TASK DIRECTIONS: What is needed here is each entry reproduced exactly, without its pictures.

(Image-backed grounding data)
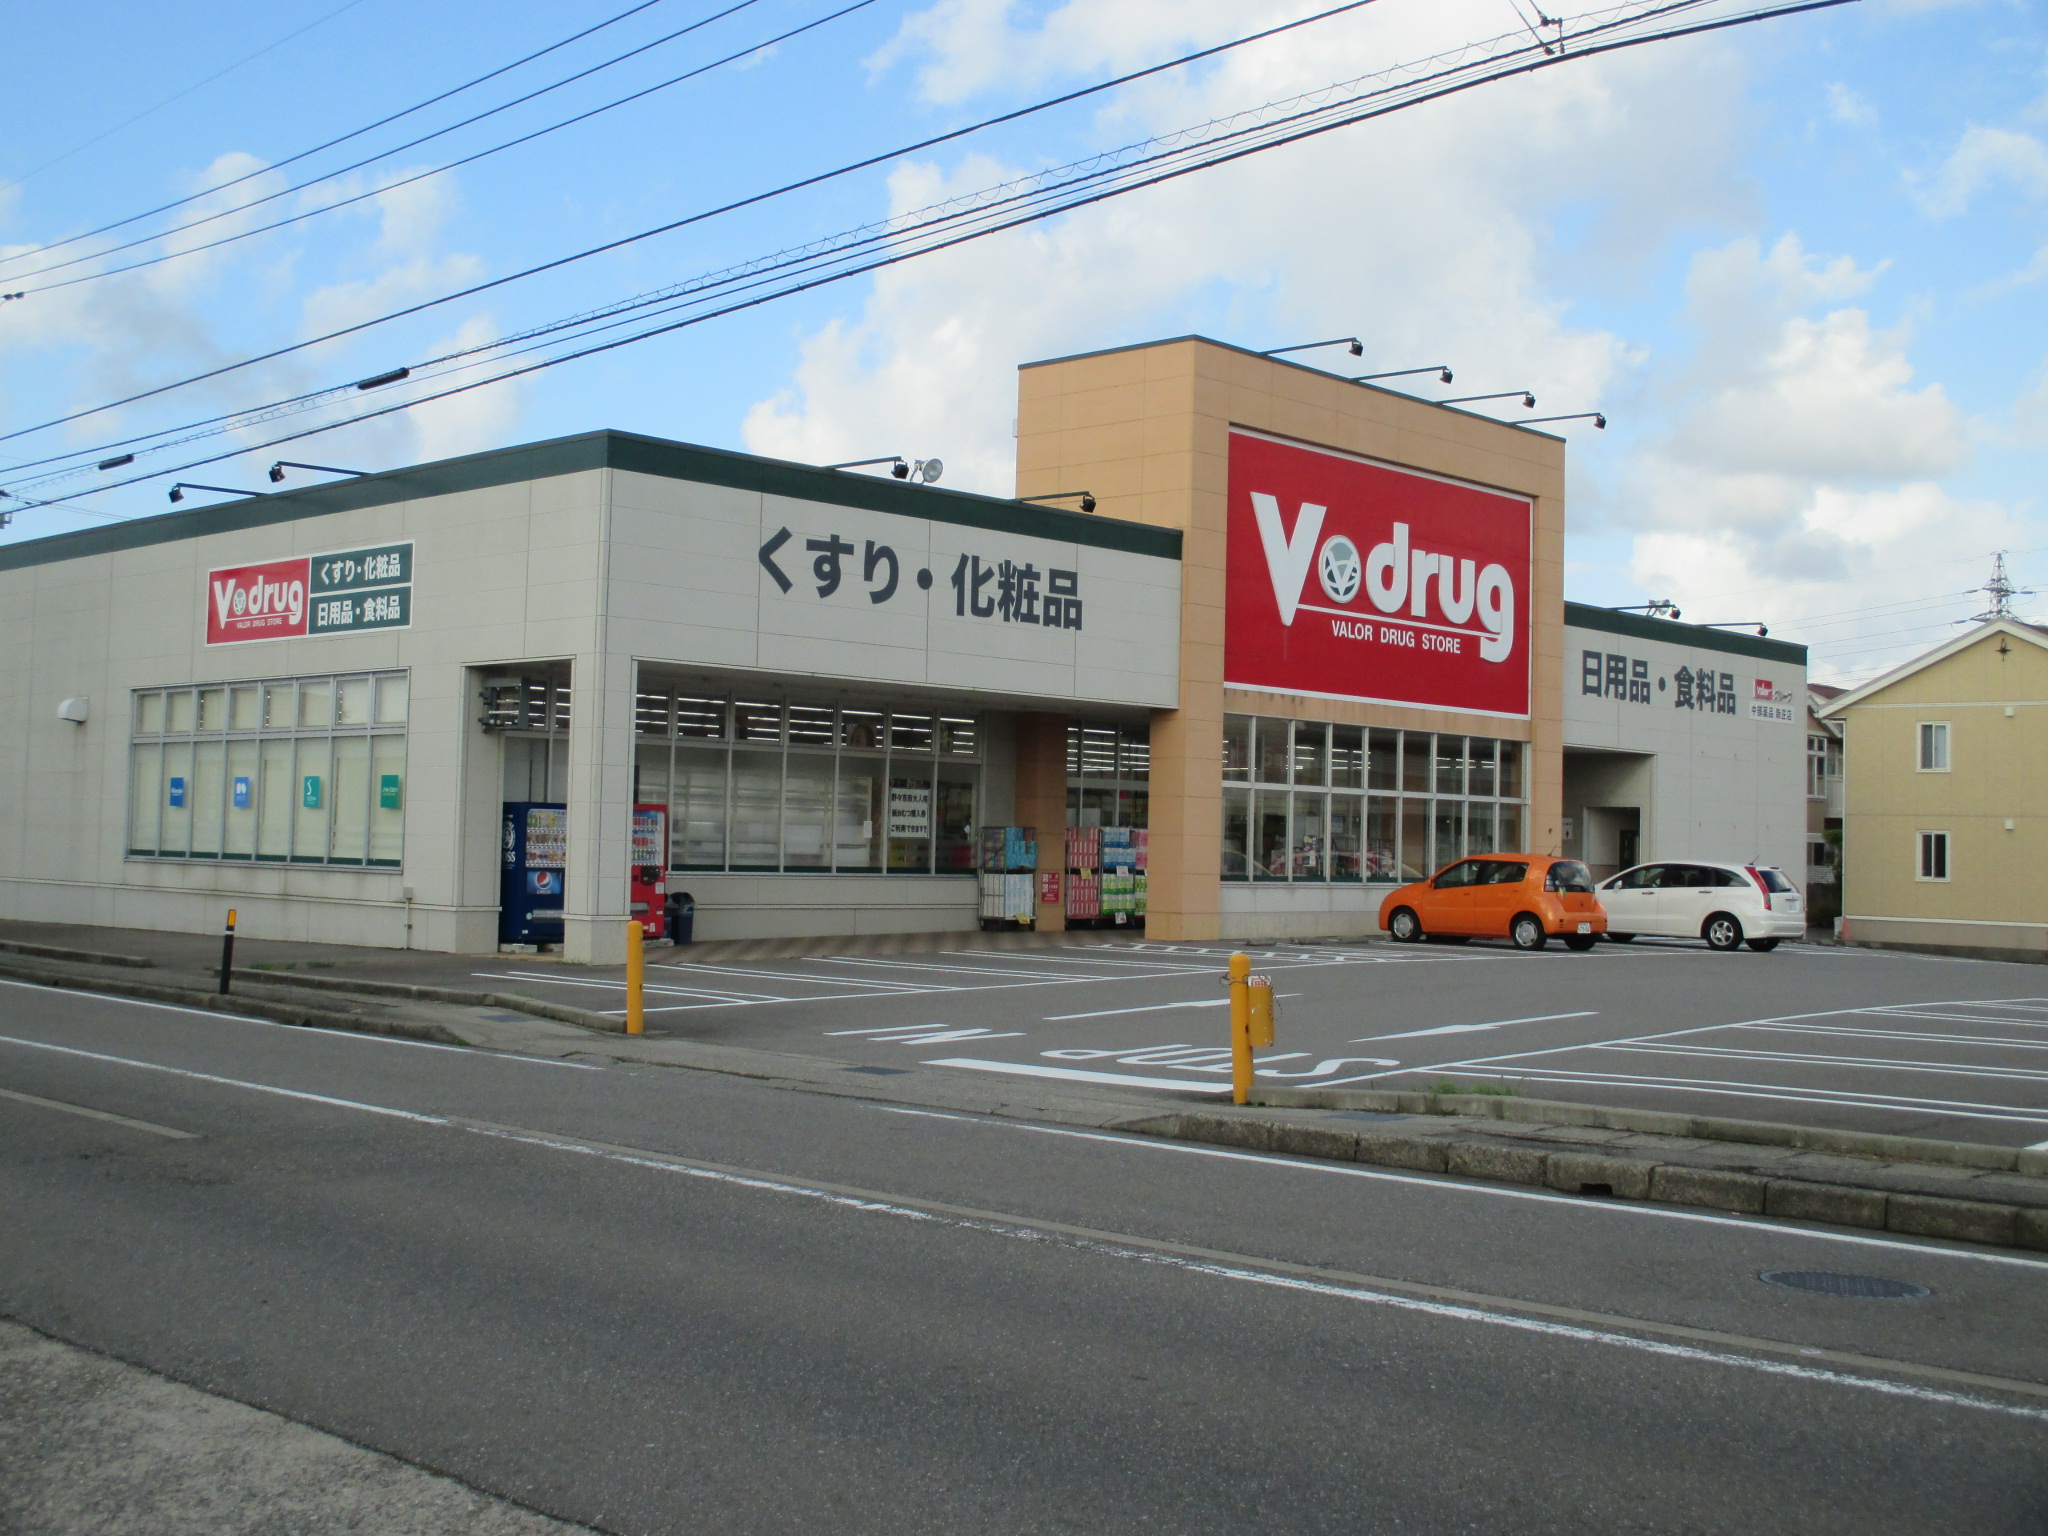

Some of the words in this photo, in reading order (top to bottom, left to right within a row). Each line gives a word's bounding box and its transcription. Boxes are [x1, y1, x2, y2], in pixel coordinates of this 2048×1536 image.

[320, 553, 401, 585] くすり・化粧品
[758, 526, 1083, 630] くすり・化粧品
[237, 618, 251, 629] VALOR
[252, 617, 265, 627] DRUG
[267, 617, 283, 626] STORE
[317, 595, 400, 627] 日用品・食料品
[1331, 620, 1373, 641] VALOR
[1380, 627, 1415, 648] DRUG
[1422, 633, 1461, 654] STORE
[1581, 650, 1736, 715] 日用品・食料品
[1040, 1044, 1401, 1078] STOP
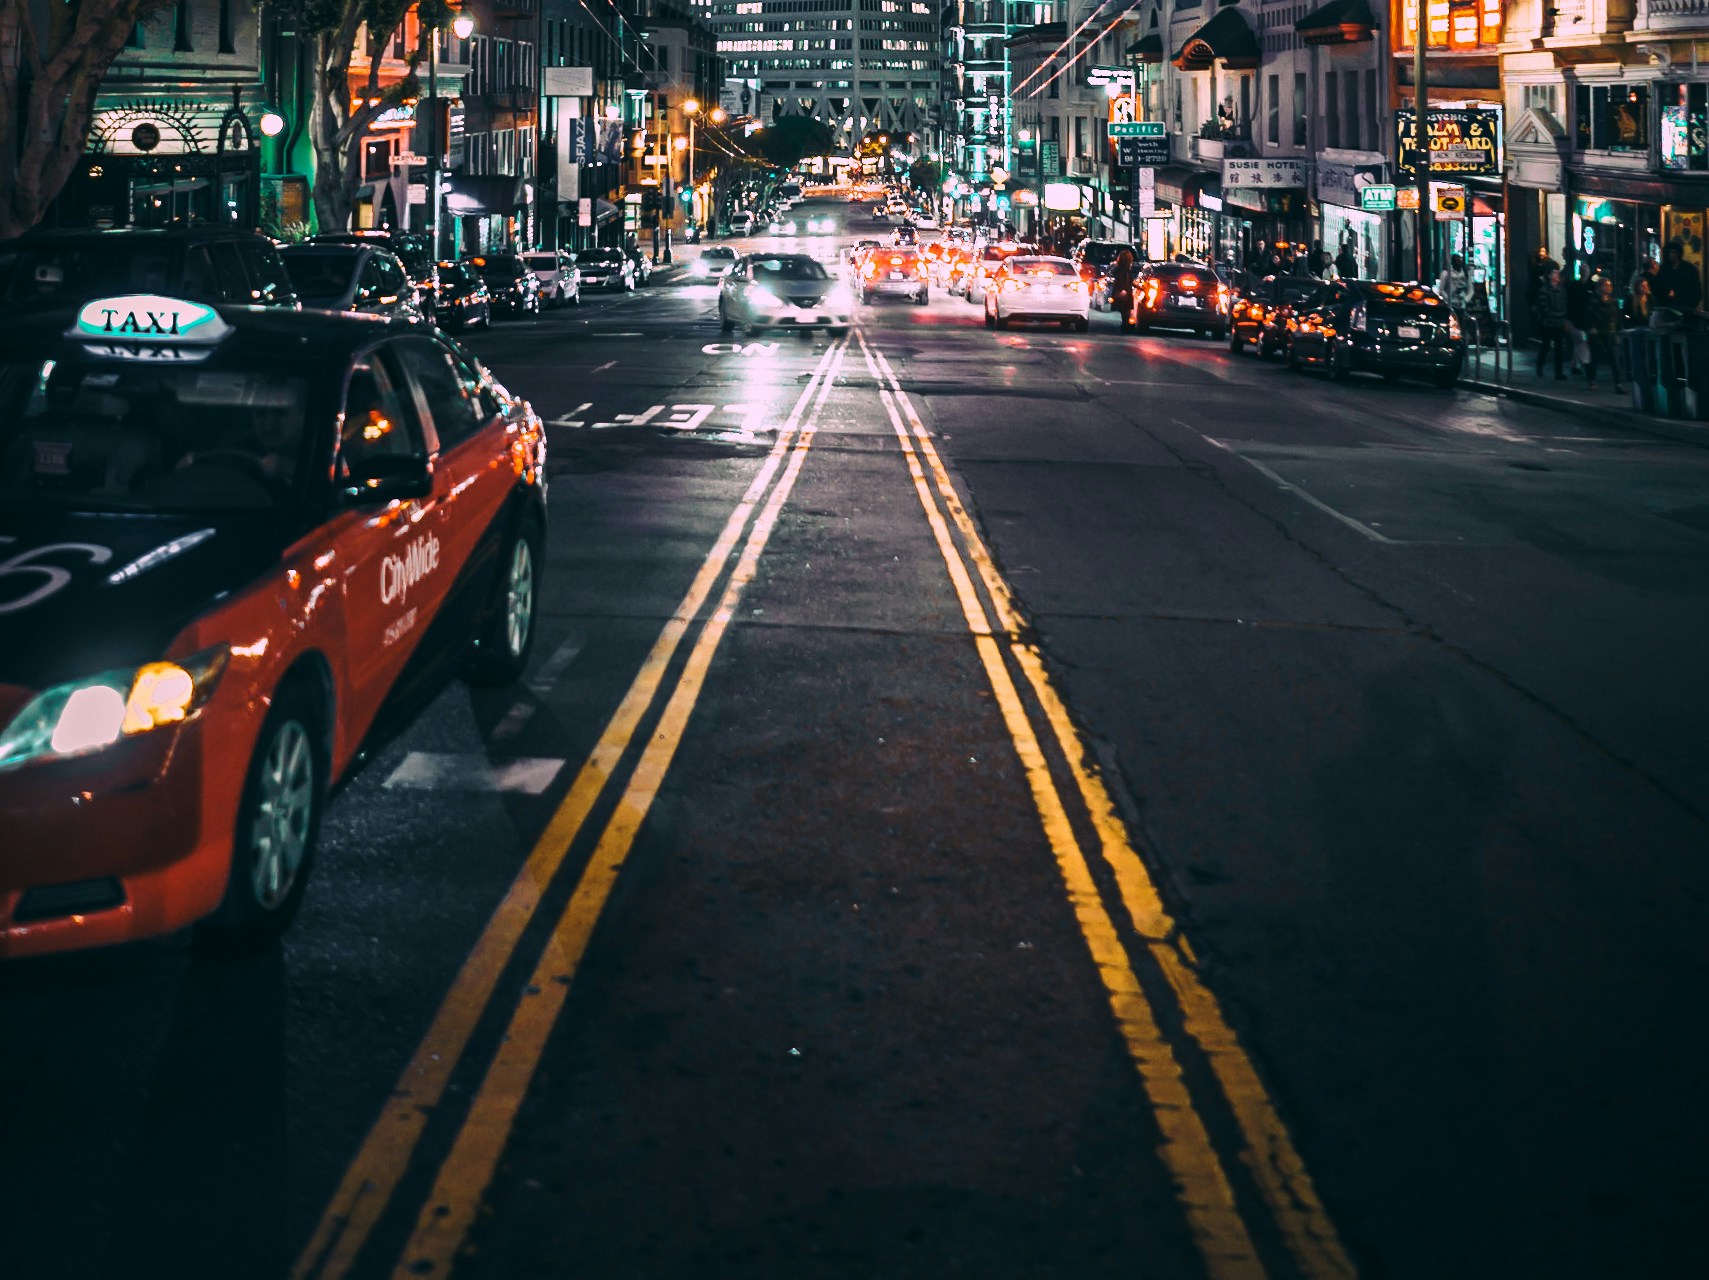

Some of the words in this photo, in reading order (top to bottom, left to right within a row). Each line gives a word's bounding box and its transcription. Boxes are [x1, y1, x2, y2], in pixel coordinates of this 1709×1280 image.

OUTPUT OF THE TASK:
Some of the words in this photo, in reading order (top to bottom, left to right within a row). Each line gives a word's bounding box and its transcription. Boxes are [x1, y1, x2, y2], in pixel coordinates of this 2048×1536 image.

[320, 553, 401, 585] くすり・化粧品
[758, 526, 1083, 630] くすり・化粧品
[237, 618, 251, 629] VALOR
[252, 617, 265, 627] DRUG
[267, 617, 283, 626] STORE
[317, 595, 400, 627] 日用品・食料品
[1331, 620, 1373, 641] VALOR
[1380, 627, 1415, 648] DRUG
[1422, 633, 1461, 654] STORE
[1581, 650, 1736, 715] 日用品・食料品
[1040, 1044, 1401, 1078] STOP

Some of the words in this photo, in reading order (top to bottom, left to right within a row). Each line gives a word's bounding box and its transcription. Boxes are [x1, y1, x2, y2], in pixel coordinates of this 1709×1280 image.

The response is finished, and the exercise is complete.